Objective: To explore the role of
transforming growth factor-β (TGF-β) signaling pathway in xiaotan huayu liqiao
traditional Chinese medicine compound (XC)'s anti-myocardial
fibrosis in chronic intermittent
hypoxia (CIH) rats. Methods: Forty SD rats were randomly divided into normoxia group,
oxygen +
traditional Chinese medicine compound group ( TCMC), Chronic intermittent
hypoxia model group (CIH), TCMC + CIH, 10 in each group. CIH cabin was built by filling with
nitrogen and
oxygen. Firstly, the volume fraction of
oxygen in the cabin reduced from 21% to 9% in 90 s by filling the cabin with
nitrogen. And then it gradually rose to 21% by reoxygenating in 90s, as a cycle. CIH and TCMC+CIH group rats were placed in the CIH device, while normoxia and TCMC group rats were placed in the normal
oxygen chamber. In addition, rats in TCMC +CIH group and TCMC group were treated with XC crude
drug (24 g/kg) daily by gavage, while rats in CIH group and normoxia group were given equal volume
normal saline. Using sirius red staining, the
collagen in myocardial interstitium was visualized. The
protein expressions of
collagen I,
collagen III and
fibronectin were detected by Western blot, p-Smad3, p-Smad2 and TGF-β
protein in the TGF-β/Smads signaling pathway were also analyzed by Western blot.
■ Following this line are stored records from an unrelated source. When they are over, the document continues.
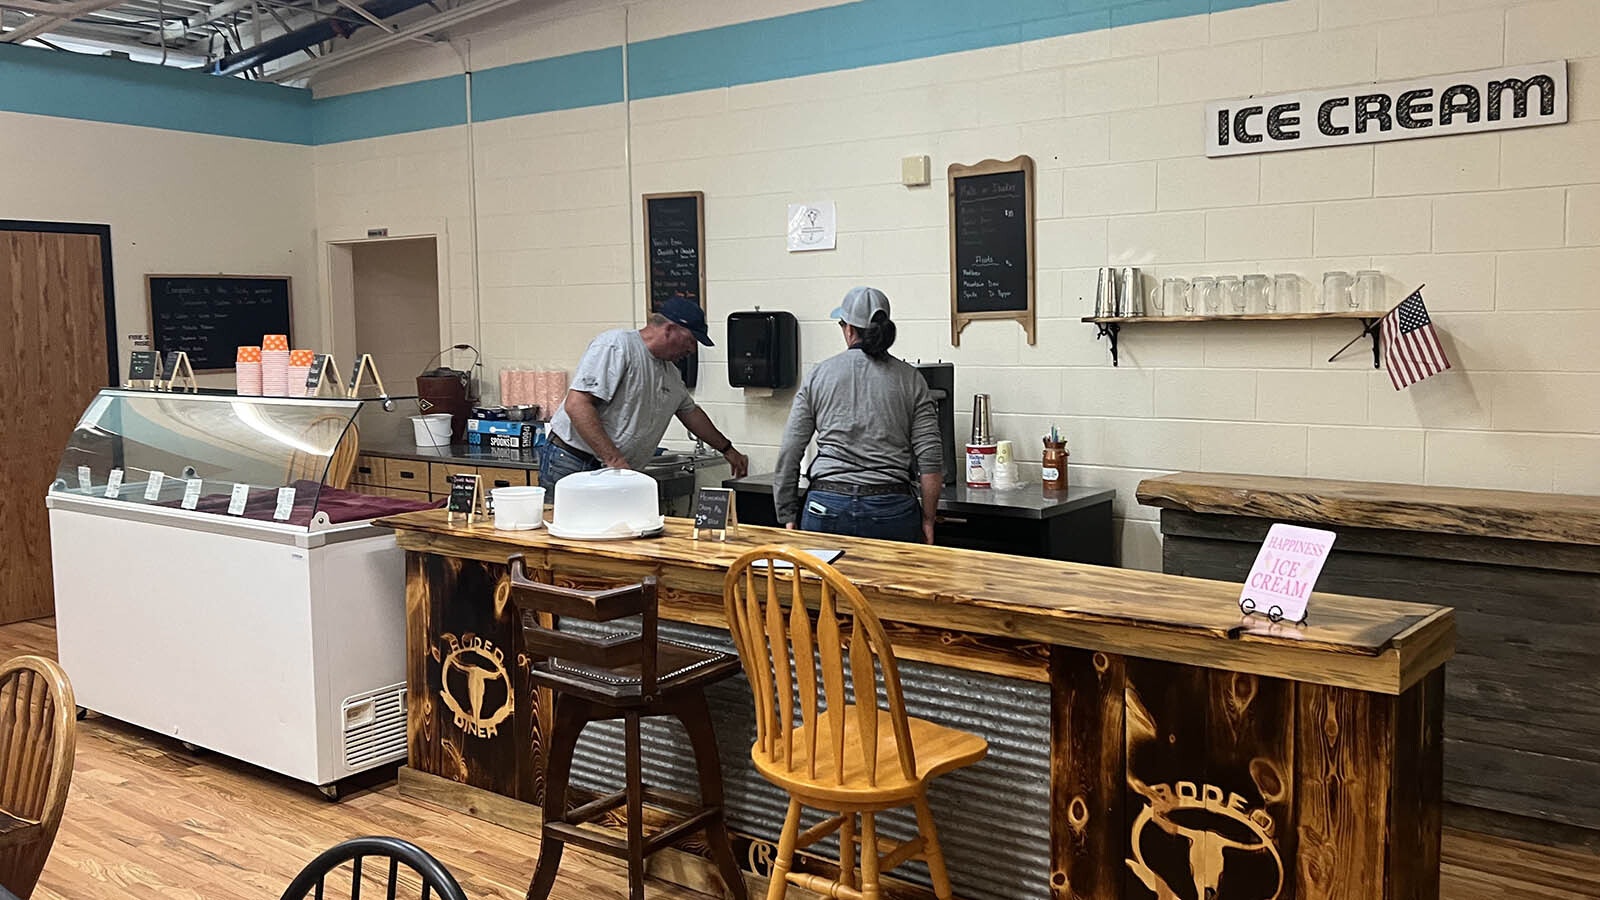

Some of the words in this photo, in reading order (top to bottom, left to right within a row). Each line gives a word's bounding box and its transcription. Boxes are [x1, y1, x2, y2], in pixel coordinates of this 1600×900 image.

[1218, 102, 1300, 146] ICE
[1317, 74, 1555, 136] CREAM
[490, 436, 512, 447] SPOONS
[1267, 536, 1326, 557] HAPPINESS
[1271, 558, 1301, 578] ICE
[1251, 572, 1309, 599] CREAM
[453, 716, 498, 739] DINER
[1149, 780, 1273, 833] RODEO
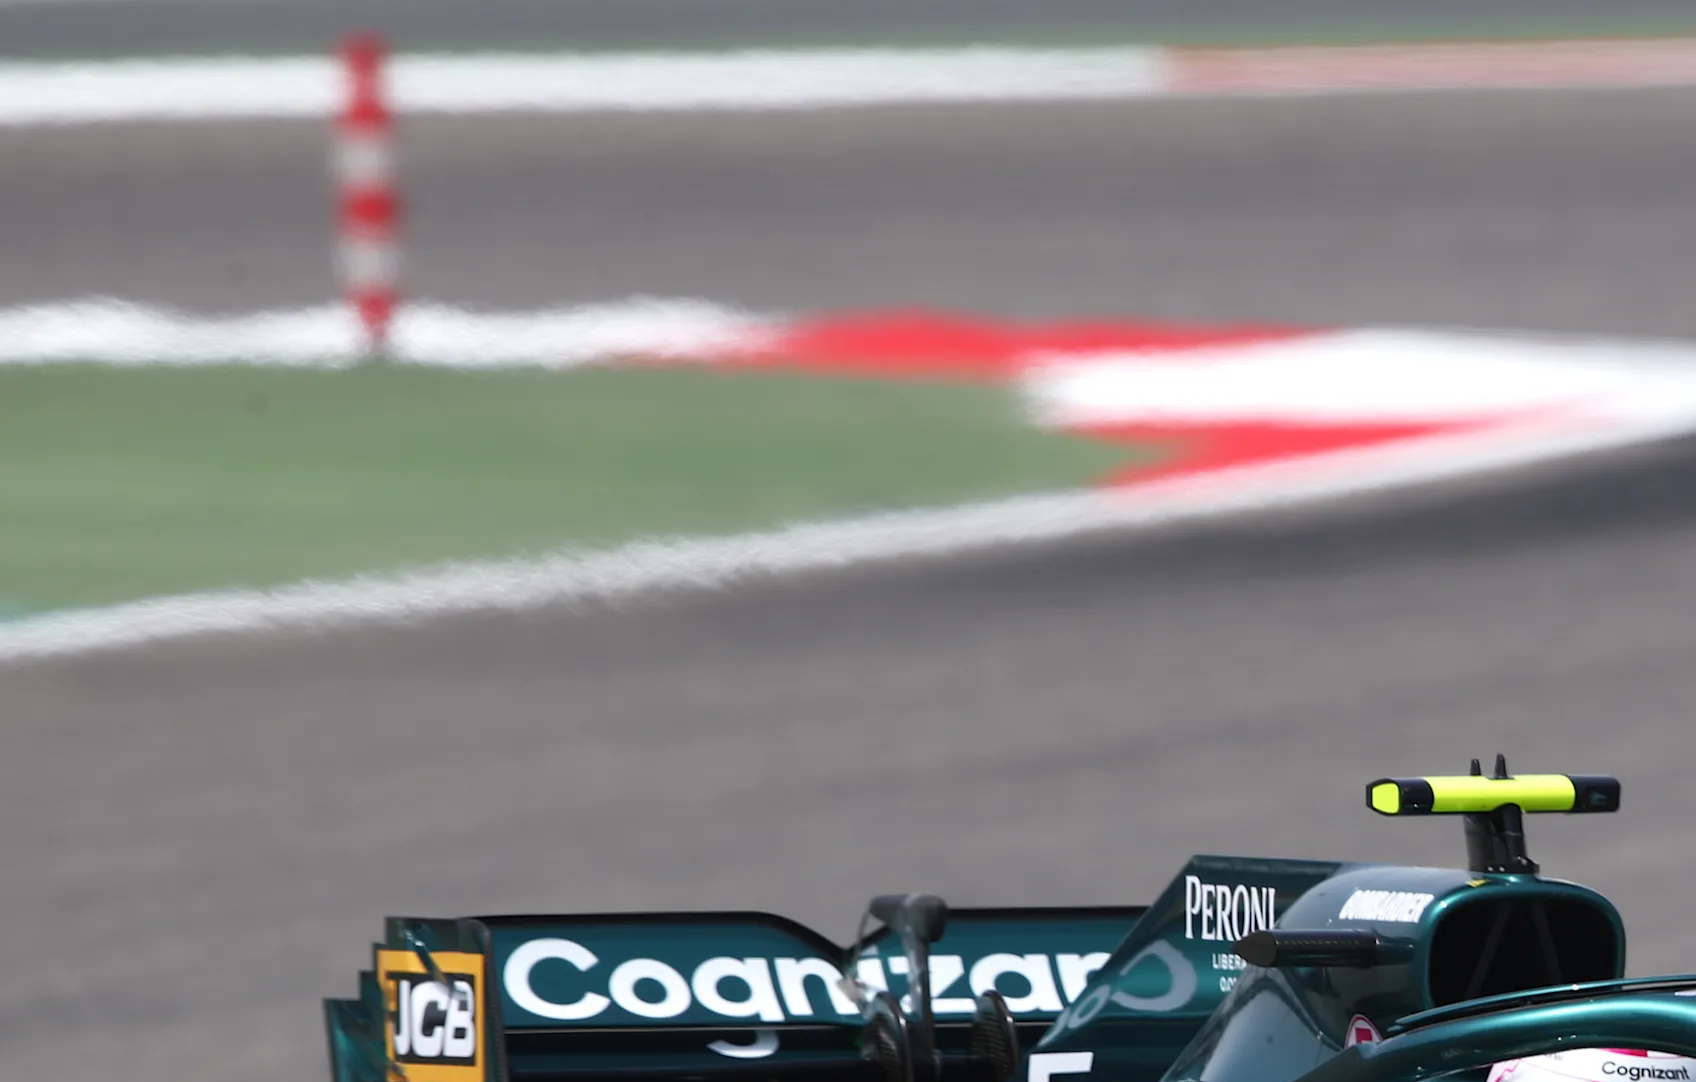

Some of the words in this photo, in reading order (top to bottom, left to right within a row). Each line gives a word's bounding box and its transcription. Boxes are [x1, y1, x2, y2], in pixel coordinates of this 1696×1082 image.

The
mRNA expressions of
matrix metalloproteinase-2 (MMP-2) and tissue inhibitors of
metalloproteinase -2(TIMP-2) were measured by real-time quantitative polymerase chain reaction (PCR). Results: Compared with the rats exposed to normoxia, the CIH rats showed obvious
collagen deposition,
protein expressions of
collagen I,
collagen III and
fibronectin were significantly increased in the myocardial tissue (P<0.01). The
protein expression levels of TGF-β, p-smad2 and p-smad3 in the myocardial tissue of the CIH rats were also significantly increased (P<0.01). The up-regulation of
TIMP-2 mRNA in the myocardial tissues resulted in the decrease of MMP-2
mRNA(P<0.01). XC reduced myocardial
fibrosis of CIH rats and inhibited the expressions of
collagen I and
collagen III and
fibronectin protein (P<0.05,P<0.01,P<0.05, respectively). The further mechanism study showed that XC inhibited the expression of TGF-β (P<0.01), which down-regulated the expressions of p-smad2, p-smad3 and
TIMP-2 (P<0.05). Conclusion: XC could reduce the expression of TGF-β and smad2/3 phosphorylation, down-regulate the expression of
TIMP-2, which would inhibit the formation of myocardial
fibrosis in CIH rats, and improve the myocardial function of CIH rats.